MATERIALS PROVIDED:
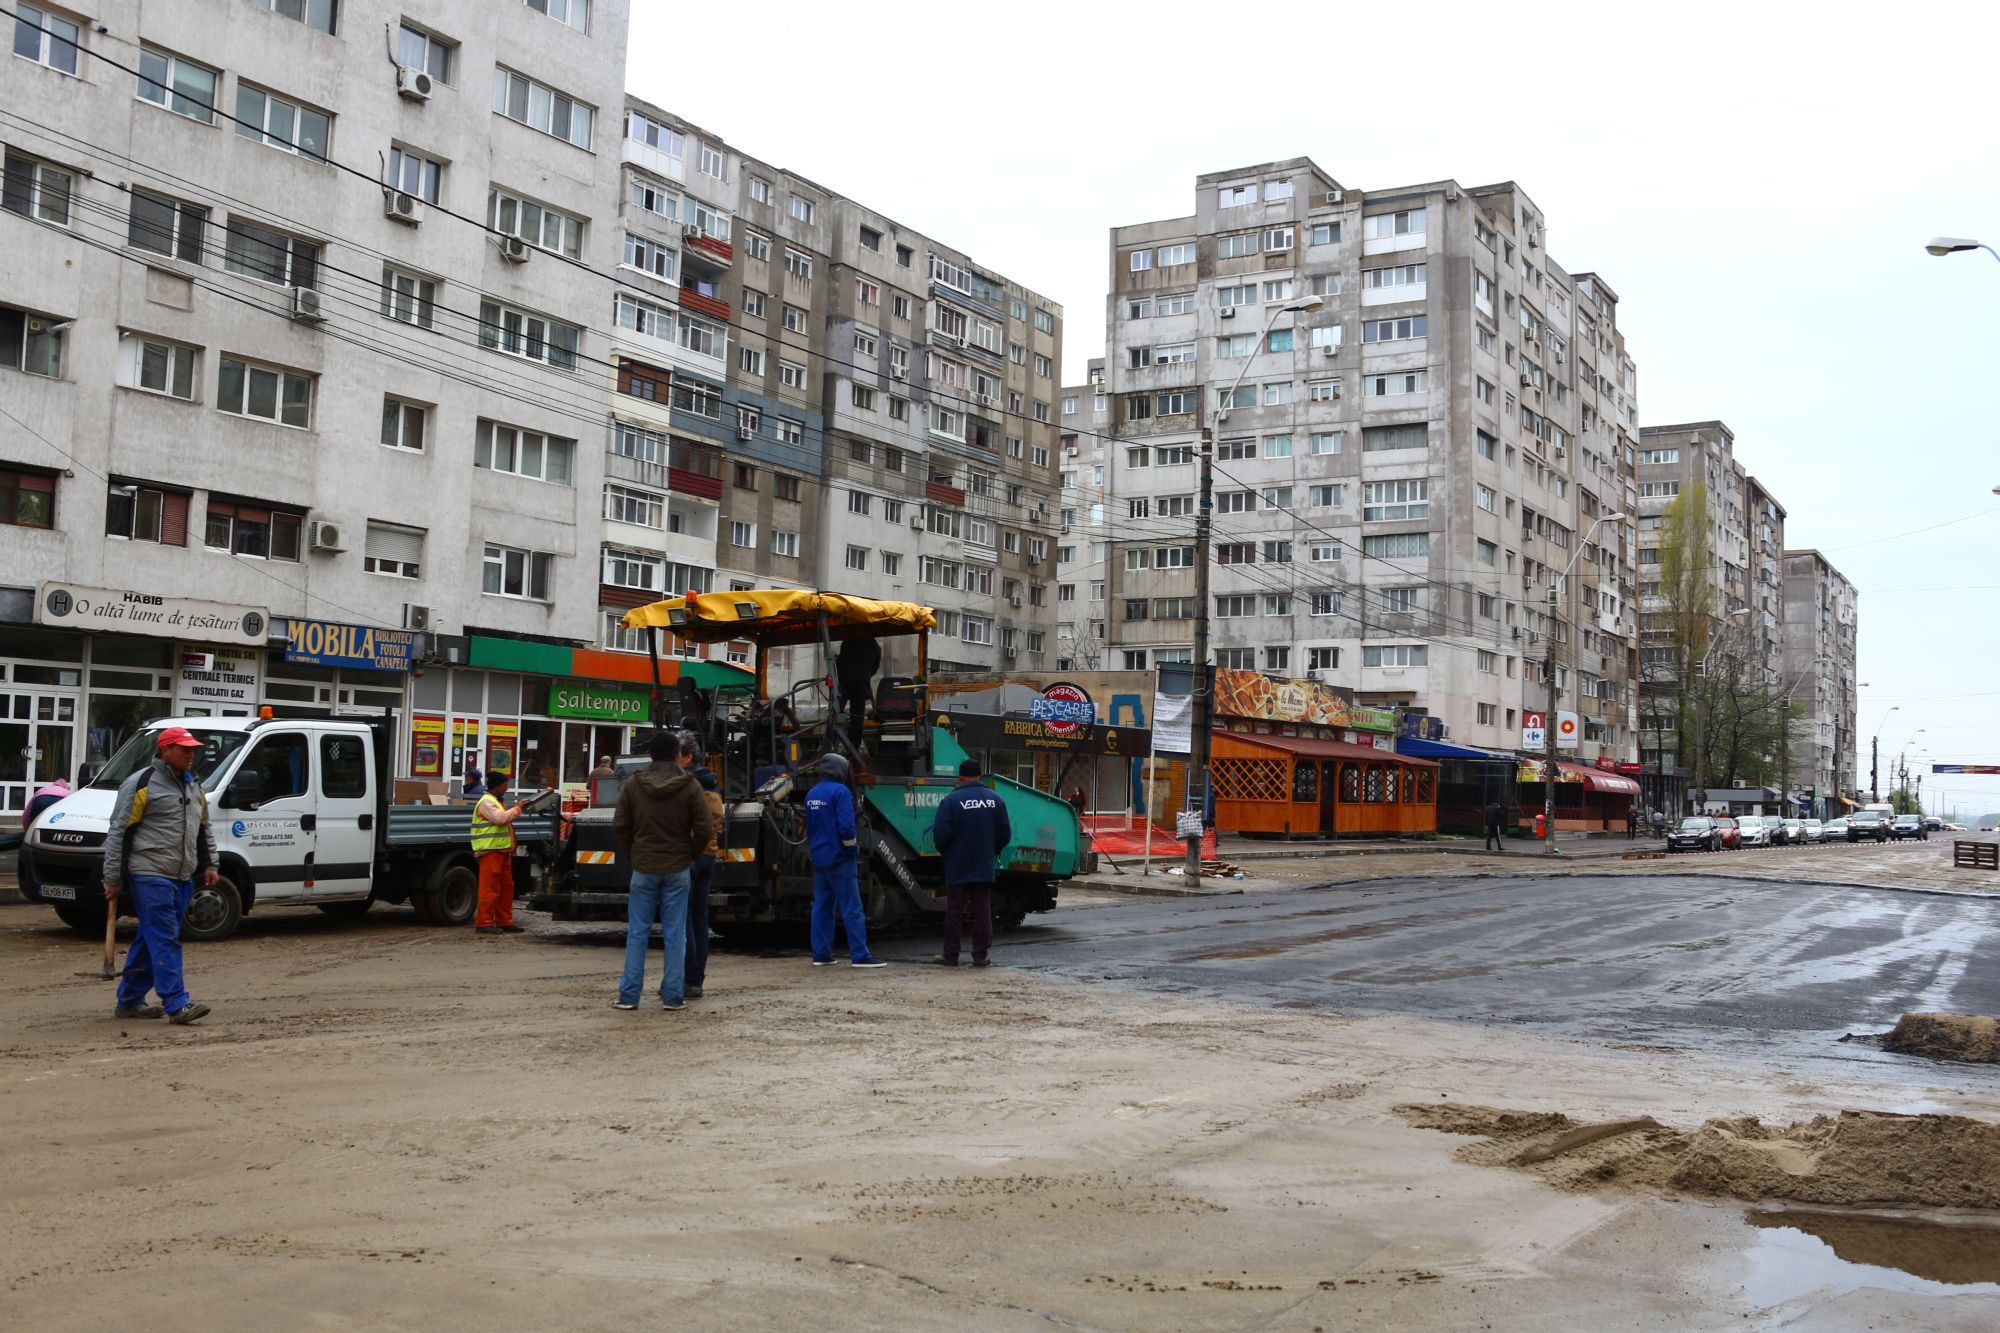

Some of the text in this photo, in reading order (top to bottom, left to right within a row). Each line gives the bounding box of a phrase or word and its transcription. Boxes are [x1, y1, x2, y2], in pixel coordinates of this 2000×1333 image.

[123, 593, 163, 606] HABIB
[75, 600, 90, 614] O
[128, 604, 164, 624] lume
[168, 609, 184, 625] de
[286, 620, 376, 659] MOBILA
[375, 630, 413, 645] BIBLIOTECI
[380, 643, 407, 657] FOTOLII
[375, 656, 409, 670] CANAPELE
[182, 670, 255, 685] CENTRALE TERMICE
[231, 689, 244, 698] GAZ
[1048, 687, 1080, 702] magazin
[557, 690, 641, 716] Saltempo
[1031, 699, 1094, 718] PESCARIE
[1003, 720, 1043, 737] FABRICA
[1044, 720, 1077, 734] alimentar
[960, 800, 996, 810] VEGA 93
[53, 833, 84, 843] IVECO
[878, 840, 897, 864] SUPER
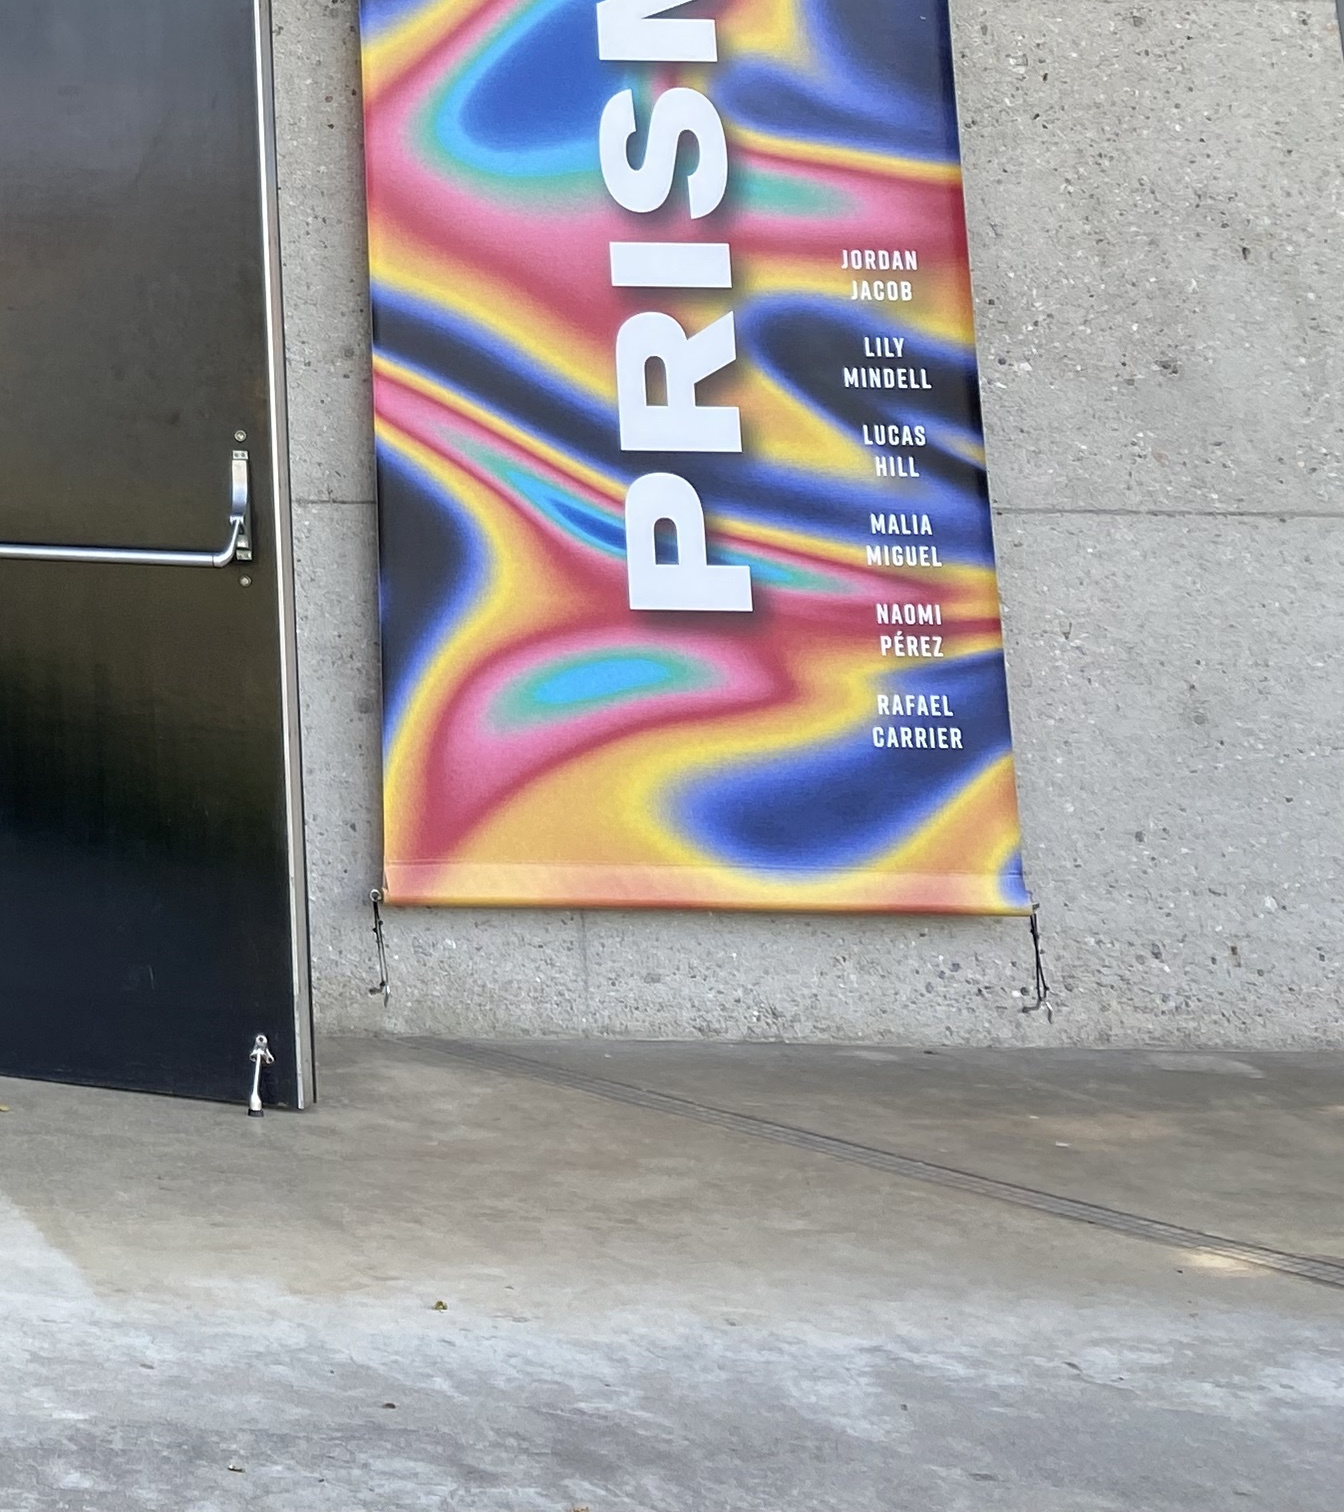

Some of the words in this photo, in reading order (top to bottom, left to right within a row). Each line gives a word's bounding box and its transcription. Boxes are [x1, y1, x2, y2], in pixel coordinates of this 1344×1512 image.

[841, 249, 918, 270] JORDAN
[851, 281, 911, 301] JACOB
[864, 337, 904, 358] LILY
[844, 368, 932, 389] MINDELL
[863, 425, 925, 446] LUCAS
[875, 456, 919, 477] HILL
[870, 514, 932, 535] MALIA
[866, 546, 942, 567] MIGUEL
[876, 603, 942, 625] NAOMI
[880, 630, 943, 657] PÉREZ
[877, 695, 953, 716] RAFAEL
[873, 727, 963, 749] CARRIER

YOUR OBJECTIVE:
If an entry contains an image, print the rest of that entry exactly and leave the image out.

RESPONSE AREA:
Some of the text in this photo, in reading order (top to bottom, left to right within a row). Each line gives the bounding box of a phrase or word and its transcription. Boxes are [x1, y1, x2, y2], in pixel coordinates of this 2000×1333 image.

[123, 593, 163, 606] HABIB
[75, 600, 90, 614] O
[128, 604, 164, 624] lume
[168, 609, 184, 625] de
[286, 620, 376, 659] MOBILA
[375, 630, 413, 645] BIBLIOTECI
[380, 643, 407, 657] FOTOLII
[375, 656, 409, 670] CANAPELE
[182, 670, 255, 685] CENTRALE TERMICE
[231, 689, 244, 698] GAZ
[1048, 687, 1080, 702] magazin
[557, 690, 641, 716] Saltempo
[1031, 699, 1094, 718] PESCARIE
[1003, 720, 1043, 737] FABRICA
[1044, 720, 1077, 734] alimentar
[960, 800, 996, 810] VEGA 93
[53, 833, 84, 843] IVECO
[878, 840, 897, 864] SUPER

Some of the words in this photo, in reading order (top to bottom, left to right within a row). Each line gives a word's bounding box and its transcription. Boxes are [x1, y1, x2, y2], in pixel coordinates of this 1344×1512 image.

[841, 249, 918, 270] JORDAN
[851, 281, 911, 301] JACOB
[864, 337, 904, 358] LILY
[844, 368, 932, 389] MINDELL
[863, 425, 925, 446] LUCAS
[875, 456, 919, 477] HILL
[870, 514, 932, 535] MALIA
[866, 546, 942, 567] MIGUEL
[876, 603, 942, 625] NAOMI
[880, 630, 943, 657] PÉREZ
[877, 695, 953, 716] RAFAEL
[873, 727, 963, 749] CARRIER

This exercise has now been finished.